As for lack of power in the words, I find myself struggling with this a lot throughout my life, for me its directly link to this moon and my Mother Clan of my power wheel-the link between the experience and sharing it externally. I find myself using out a lot of vital energy – literary spending hours on how to write or say something, sometimes years.

I know the different between when something has power or not, things flow naturally, I see images, color and my words and tone have weight, I speak slowly and breath. When someone is communication with power images come to mind, it’s like a film to me- I feel so light- connected to everything, but this so hard to get there sometimes. It the most fulfilling experience in my life, I feel like I live for this moments-but I can’t sustain it.

I would love to hear more about how others in their daily lives put power back in their words and in their lives.

a white Butterfly and a Bee,
Unknown said…
Lisa.... I learned to capitalize sacred words by reading "Seven Arrows" over a decade ago... it made so much sense to me and I still do it today.

I also have been trying to write a book for many years and struggle because words become FIXED when written down... also when you are not seeing the expression on the face of the writer, or hear the tone of the voice... the words can be easily misinterpreted. And when you write, you can't see the responses of the readers...

I found that I write very different than how I speak.... yet over the years, I found that writing has taken me deeper... maybe because I am alone with my words and not distracted by the energies of those around me.
Maybe it is hypersensitivity... or "Telepathy"?... but I often find myself speaking what others are thinking or feeling... and that gets me in trouble, because I voice what they won't or don't want to speak aloud.


What a huge topic! Are we in the Mystery of Language right now?

WampumBlueRaven.... I really enjoyed what you said also.... I too find it takes a lot of energy when you aren't using the power in the words... When that happens I just have to walk away until it returns... (The power). For me, I feel it when I am excited and inspired... that is my Firekeeeper, butterfly who speaks with such passion. Other times, I am in my Elder, who has the wisdom, or my Wheelkeeper, who has the knowledge or information.... When I am in my Moons, I come out emotional and am not objective. Not a good time to try to write anything but my Moon journal at those times.

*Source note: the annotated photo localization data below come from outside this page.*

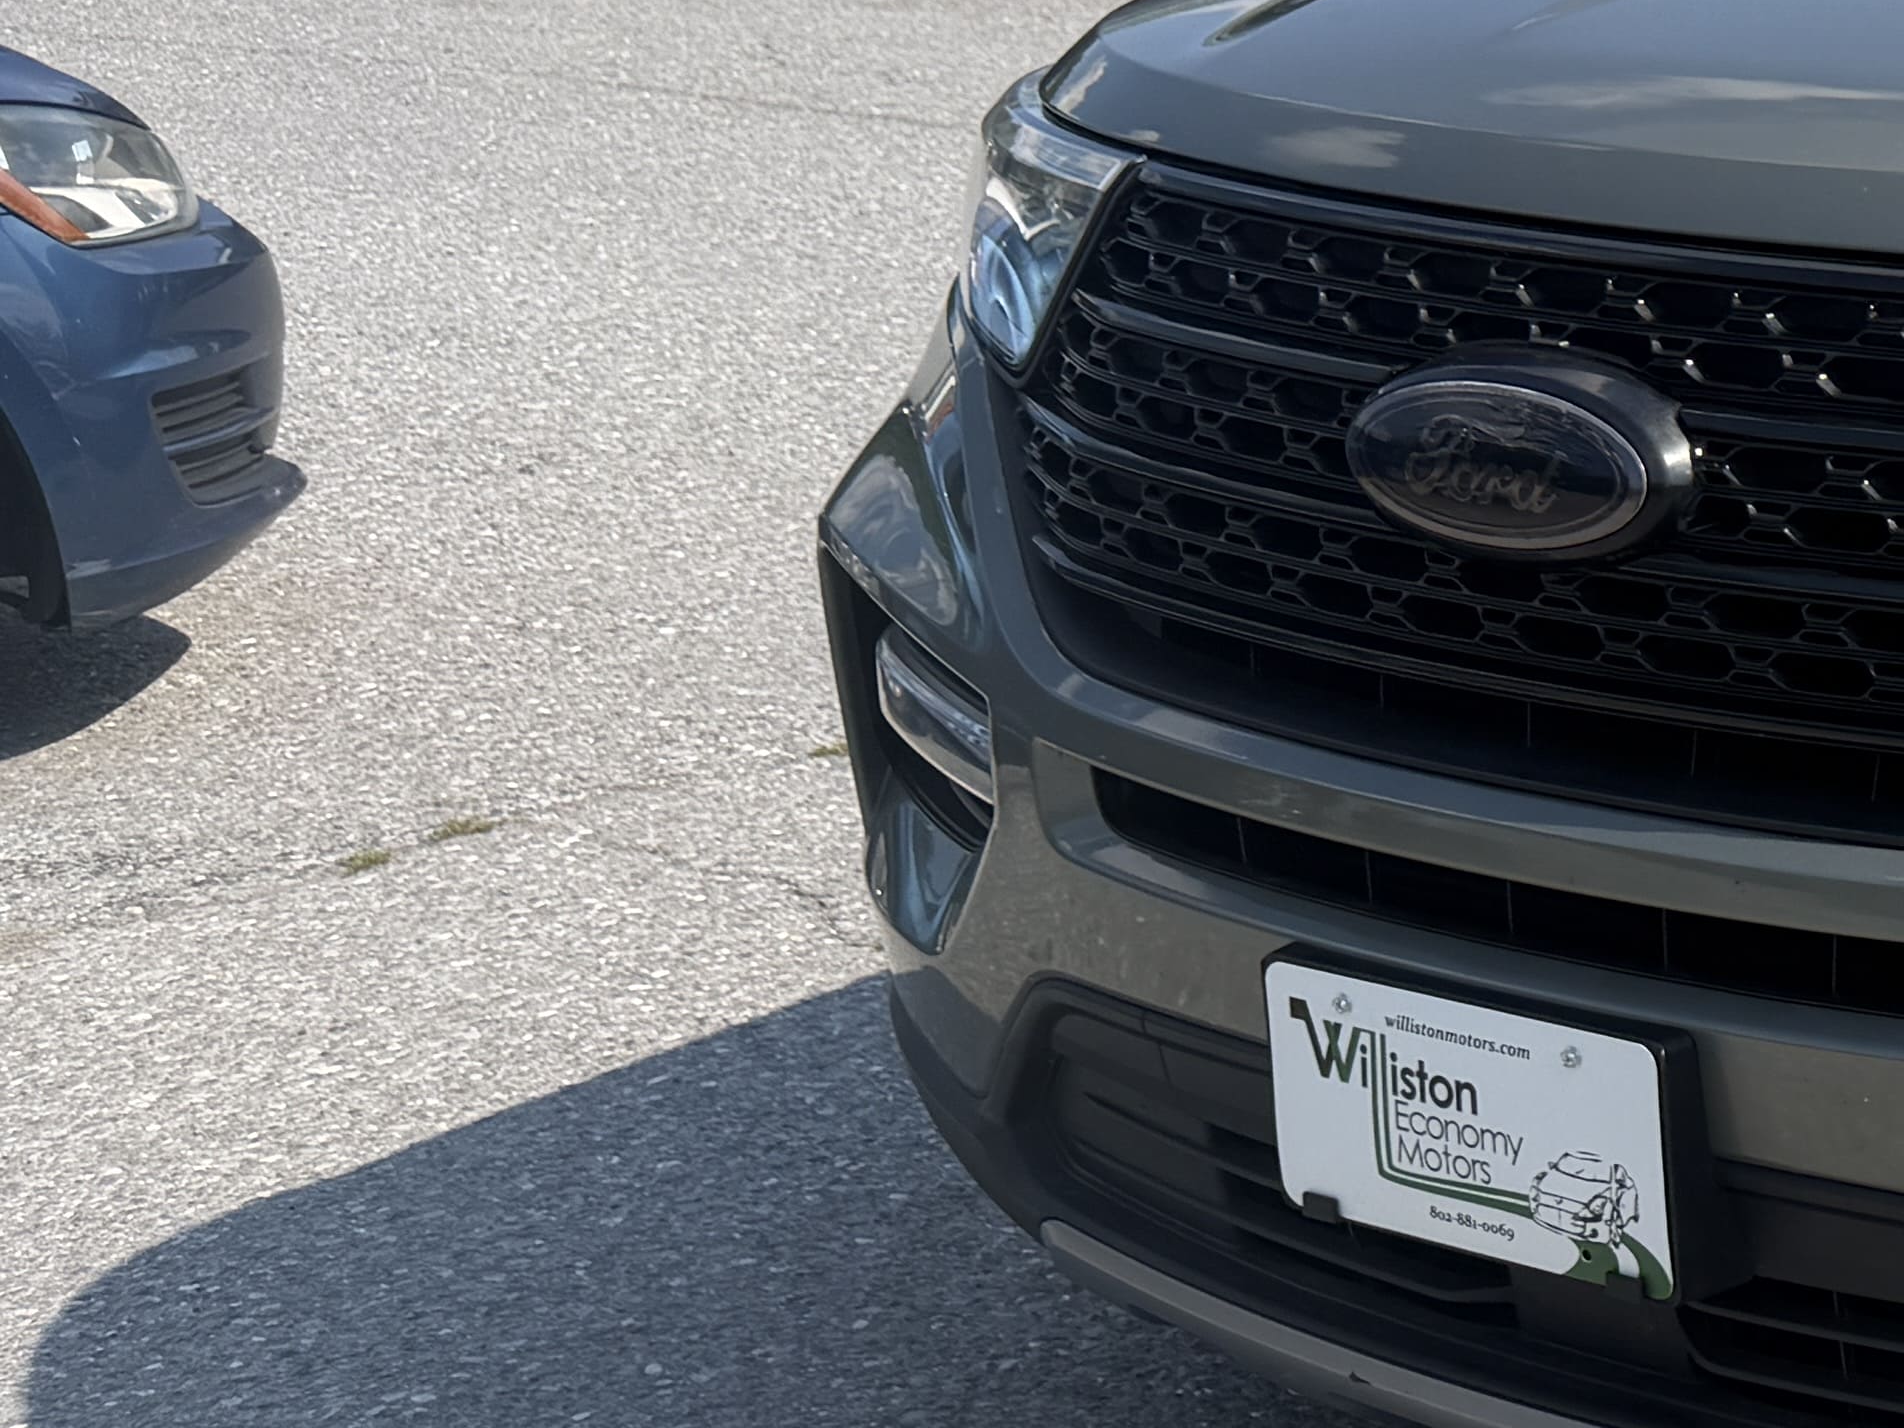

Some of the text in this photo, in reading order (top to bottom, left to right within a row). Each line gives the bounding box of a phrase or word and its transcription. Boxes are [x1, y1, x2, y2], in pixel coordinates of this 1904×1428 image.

[1405, 414, 1563, 513] Ford
[1289, 996, 1480, 1116] Williston
[1385, 1014, 1530, 1060] willistonmotors.com
[1395, 1100, 1524, 1166] Economy
[1397, 1134, 1492, 1185] Motors
[1429, 1205, 1516, 1242] 802-881-0069
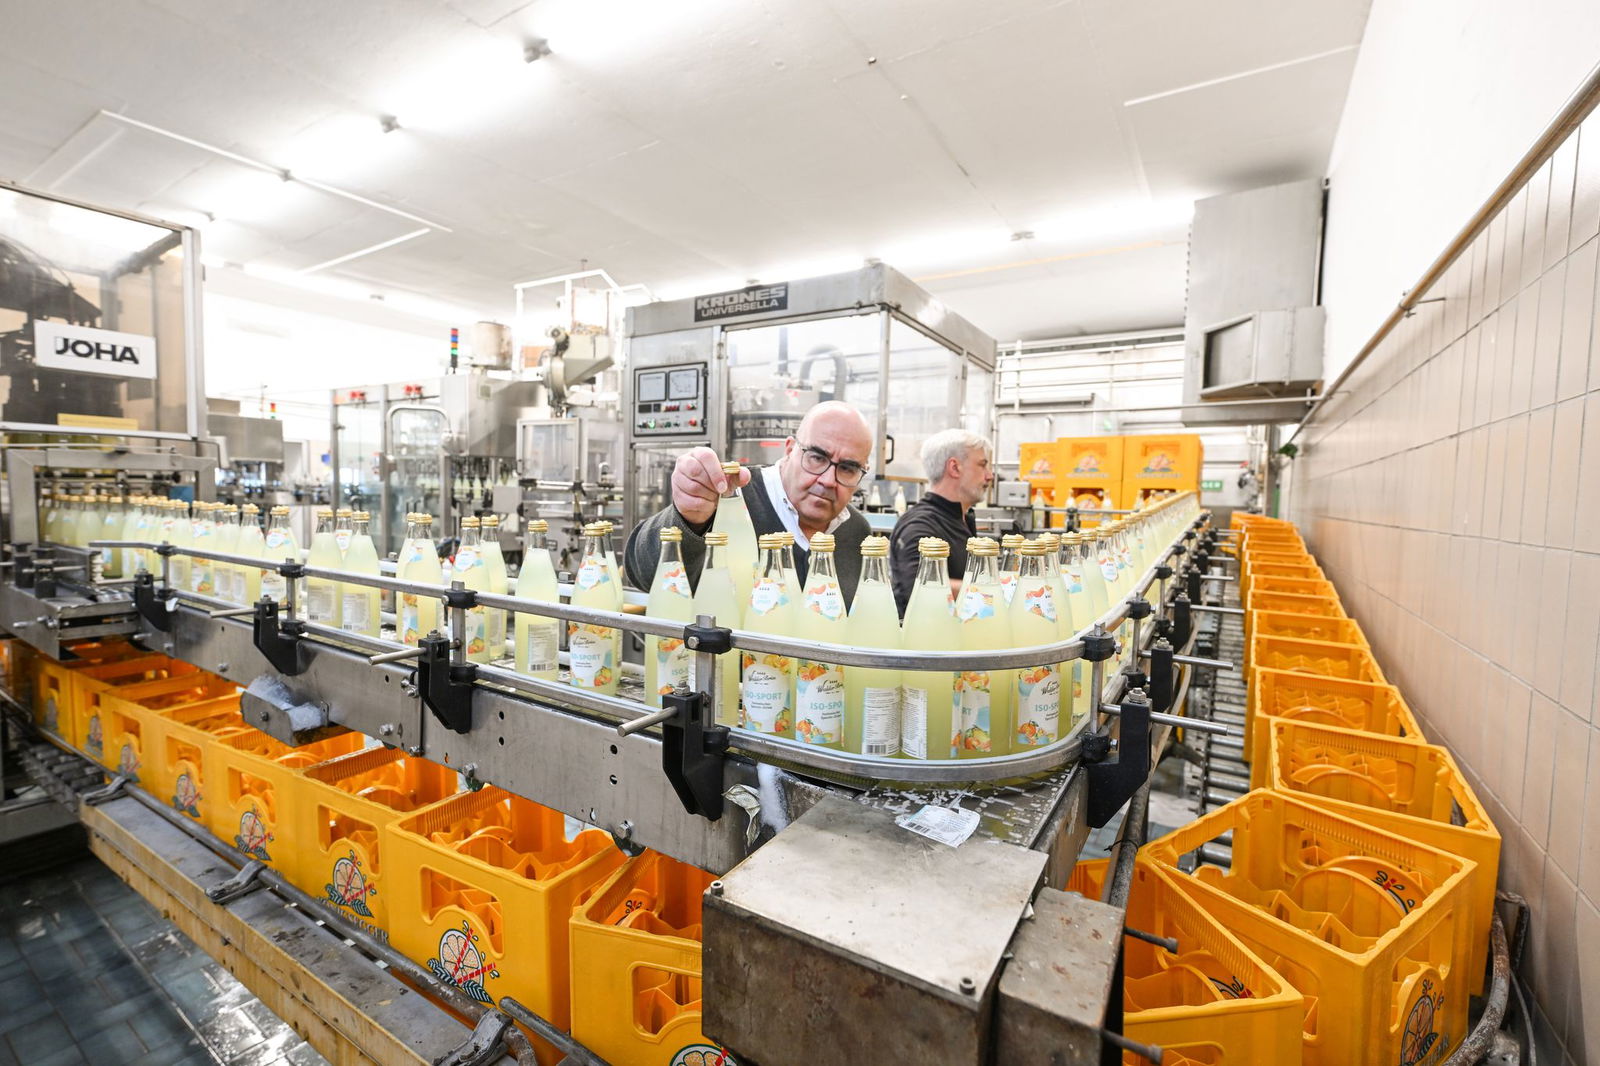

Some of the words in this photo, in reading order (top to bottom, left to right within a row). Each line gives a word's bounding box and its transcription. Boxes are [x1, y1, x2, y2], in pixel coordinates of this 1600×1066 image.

[696, 286, 786, 310] KRONES
[701, 299, 779, 317] UNIVERSELLA
[55, 337, 139, 365] JOHA

I find that I can put the power back in my words by speaking less.... and listening more, to what is behind the words of others... and listening to my own inner voice.

Wheelkeeper
WampumBlueRaven said…
Thanks Wheelkeeper ... for the sharing the advise
I was amazes when you spoke writing things about what others are feeling and thinking- this has been happening to me forever- but on the contrary I dont get in trouble for it - people open up, share and thank me.